The Chinese government made the unexpected announcement Tuesday that it had released most of the minority Muslims being held in controversial internment camps across the country’s Xinjiang region. Two regional leaders told the media that as many as 90 percent of the ethnic Muslims being held had left the so-called reeducation camps, been given jobs, and “returned to society.” The government has offered no evidence of the release and has long refused to provide much information about the heavily guarded camps that have sparked international condemnation. Experts estimate the number of minority Muslims interned in Xinjiang tops 1 million.

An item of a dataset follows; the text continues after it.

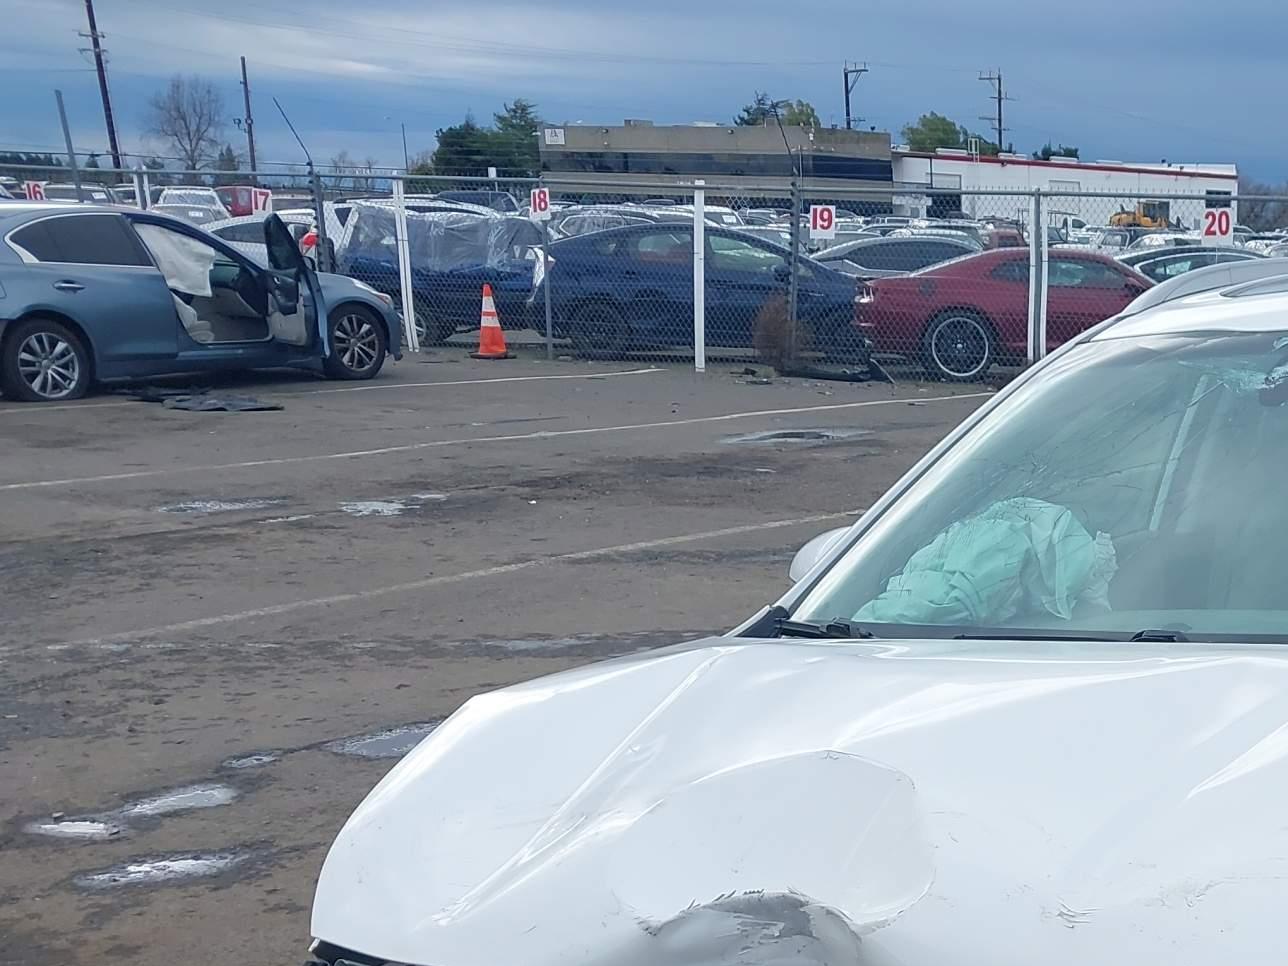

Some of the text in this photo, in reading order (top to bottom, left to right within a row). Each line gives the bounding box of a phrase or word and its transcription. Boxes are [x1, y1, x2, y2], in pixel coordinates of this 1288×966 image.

The abrupt announcement comes as international criticism has ratcheted up over Beijing’s sweeping detentions in the region to stamp out simmering separatist aspirations and assimilate the some 12 million ethnic Uighurs living there. During a press conference Tuesday, government officials toed the line from Beijing insisting that the camps were vocational training centers, going so far as to call the detainees “students.” “Tuesday’s briefing—which was paired with an exhibition profiling Xinjiang as a travel destination and featuring performances by ethnic-minority musicians and dancers in traditional garb—is part of China’s campaign to counter Western-led criticism of its treatment of Muslims in Xinjiang,” the Wall Street Journal reports.

“Gathering evidence to test their claims of numerous releases from the camps is likely to be difficult,” the New York Times reports. “Foreign journalists are closely monitored and controlled when they visit Xinjiang, and independent investigators and human rights groups do not have free access.”